Precisamos primeiramente, portanto, compreender com clareza como funcionava a liderança no Antigo Testamento e como ela deve funcionar no Novo Testamento. Novamente, tratam-se de momentos distintos na vida espiritual do povo de Deus. Para entendermos como a liderança funcionava nos dois Testamentos precisamos recorrer a Antropologia Bíblica, especificamente no que se refere à parte imaterial do homem e seu estado, com relação a Deus, em ambos os testamentos.
Daí, inicialmente vemos o homem sendo criado por Deus "do pó da terra", conforme registrado no Livro de Gênesis 2:7: "E formou o SENHOR Deus o homem do pó da terra, e soprou em suas narinas o fôlego da vida; e o homem foi feito alma vivente." Aqui, Deus forma o homem completo - corpo, espírito (fôlego da vida) e alma (que surge do contato do espírito com o corpo). Portanto, vemos o homem tripartite, criado à imagem de Deus. Antes da queda (o pecado original), o homem, que é constituído por três partes - corpo, alma e espírito - gozava de plena comunhão com Deus. A parte do homem responsável pelo relacionamento do homem com o mundo espiritual é o espírito humano. Em seu estado de santidade e comunhão com o Criador, o homem vivia uma vida de saúde física, emocional e espiritual. Com o pecado, a comunhão com Deus foi rompida. O homem, então, passou imediatamente a um estado de morte espiritual (separação do homem de Deus). Essa condição - de morte espiritual - passou de Adão a toda raça humana, o que implica que toda a raça humana perdeu o contato natural, primevo, que tinha com Deus. Isso não significa que o espírito humano deixou de existir, mas que perdeu a sua função, tornando-se inútil.
Assim, na época do Antigo Testamento, todo homem, qualquer que seja, está sujeito a essa condição espiritual: de morte do espírito. Deus não pode se comunicar com o homem utilizando seu espírito; portanto, para haver comunicação entre Deus e o homem, Deus tem (1) que tomar a iniciativa e (2) precisa fazer com que esta comunicação aconteça sem a intervenção de qualquer parte ou modo humano. Ou seja, era Deus comunicando ao homem a Sua vontade de uma forma tal que não houvesse nenhuma chance para interpretação humana. Deus deveria garantir todo o processo de comunicação. Para comunicar-se com a humanidade que Ele tanto amou (e ama), Deus escolhia uma pessoa e usava essa pessoa para transmitir Sua vontade ao homem. Assim, vemos Deus se comunicando com e por Moisés e com e pelos profetas do Antigo Testamento. Por isso, no Antigo Testamento, lemos com frequência que "veio a palavra do Senhor" a uma determinada pessoa (I Sm 15.10; II Sm 24.11; I Rs 6.11; etc).

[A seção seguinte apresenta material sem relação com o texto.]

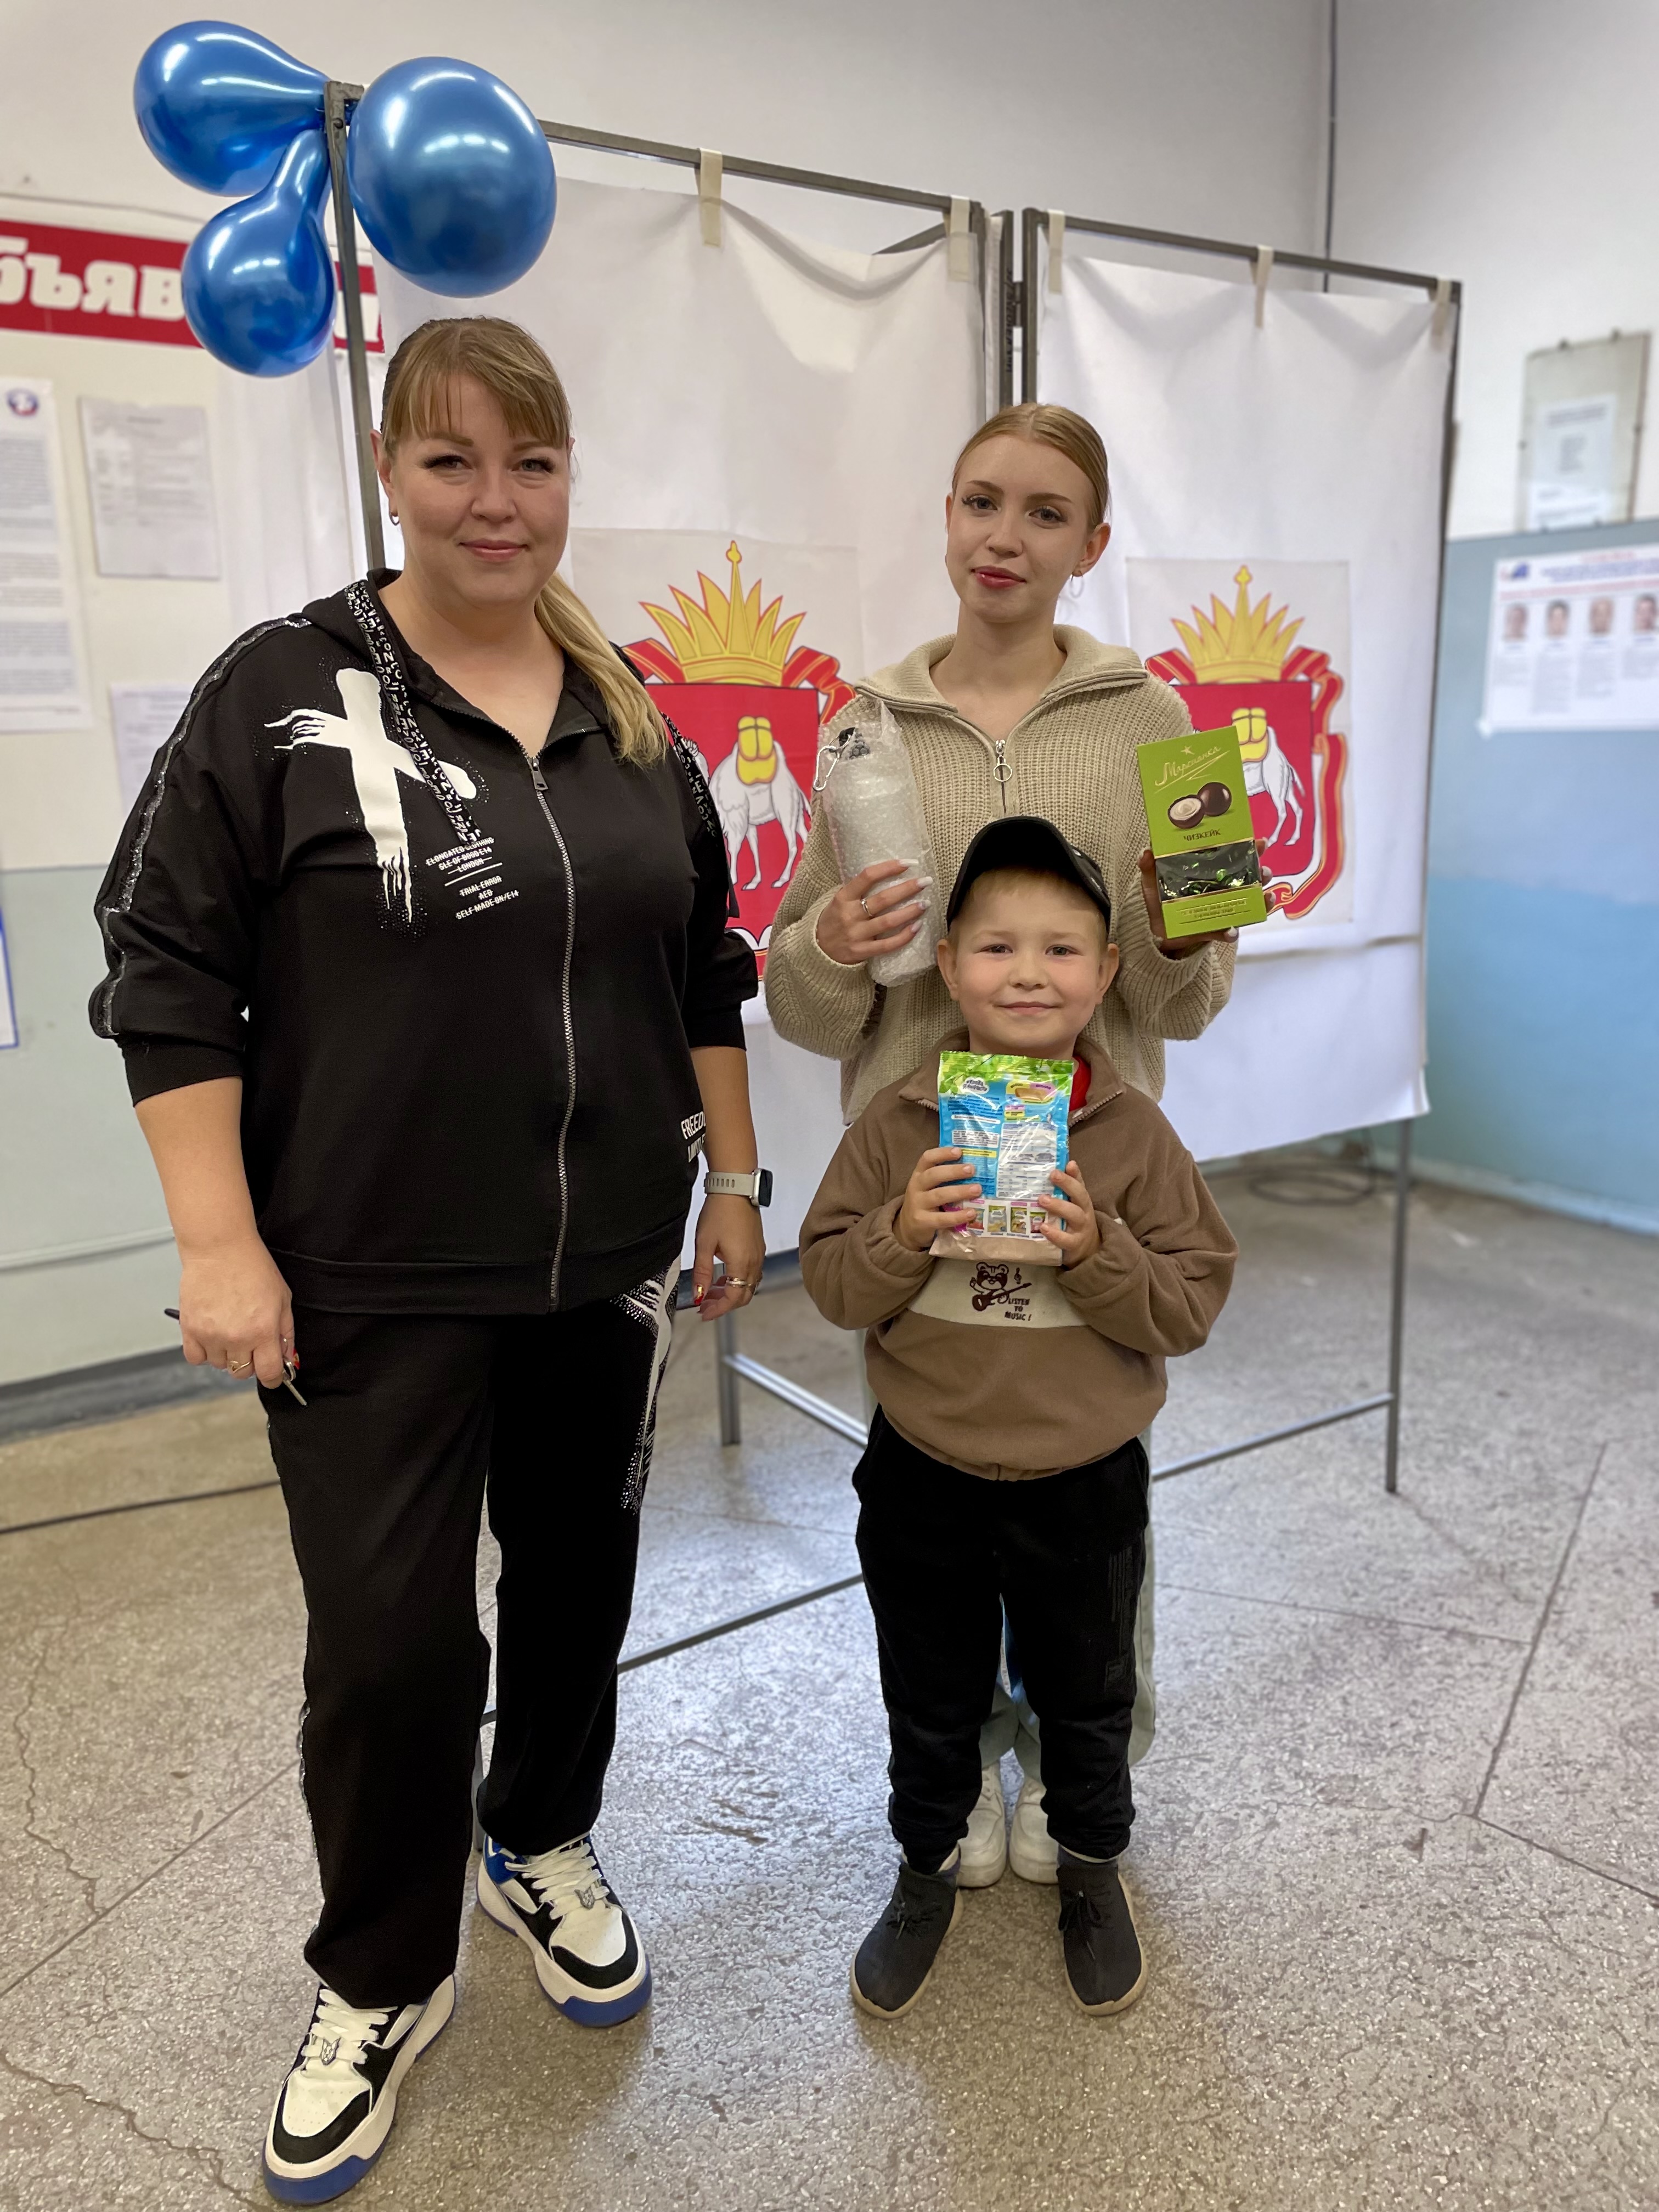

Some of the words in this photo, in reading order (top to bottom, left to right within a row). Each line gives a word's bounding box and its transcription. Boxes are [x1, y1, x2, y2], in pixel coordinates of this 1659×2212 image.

Como o homem fazia para identificar que a palavra que estava sendo transmitida era a "Palavra do Senhor"? Muito simples: pela critério da inerrância: "Eis lhes suscitarei um profeta do meio de seus irmãos, como tu, e porei as minhas palavras na sua boca, e ele lhes falará tudo o que eu lhe ordenar. E será que qualquer que não ouvir as minhas palavras, que ele falar em meu nome, eu o requererei dele. Porém o profeta que tiver a presunção de falar alguma palavra em meu nome, que eu não lhe tenha mandado falar, ou o que falar em nome de outros deuses, esse profeta morrerá. E, se disseres no teu coração: Como conhecerei a palavra que o SENHOR não falou? Quando o profeta falar em nome do SENHOR, e essa palavra não se cumprir, nem suceder assim; esta é palavra que o SENHOR não falou; com soberba a falou aquele profeta; não tenhas temor dele." (Dt 18.18-22) Note aqui algo muito importante: No Antigo Testamento, não existe em nenhum lugar uma instrução semelhante a "julgai as profecias", porque a profecia naquela época era "tudo ou nada", ou 100% de Deus ou 100% do erro. As profecias dos profetas do Antigo Testamento se constituíram no canôn do Antigo Testamento e não são para serem julgadas, ao contrário; são elas que nos julgam! Nós não julgamos as profecias de Isaías e Ezequiel, por exemplo; mas sim o contrário.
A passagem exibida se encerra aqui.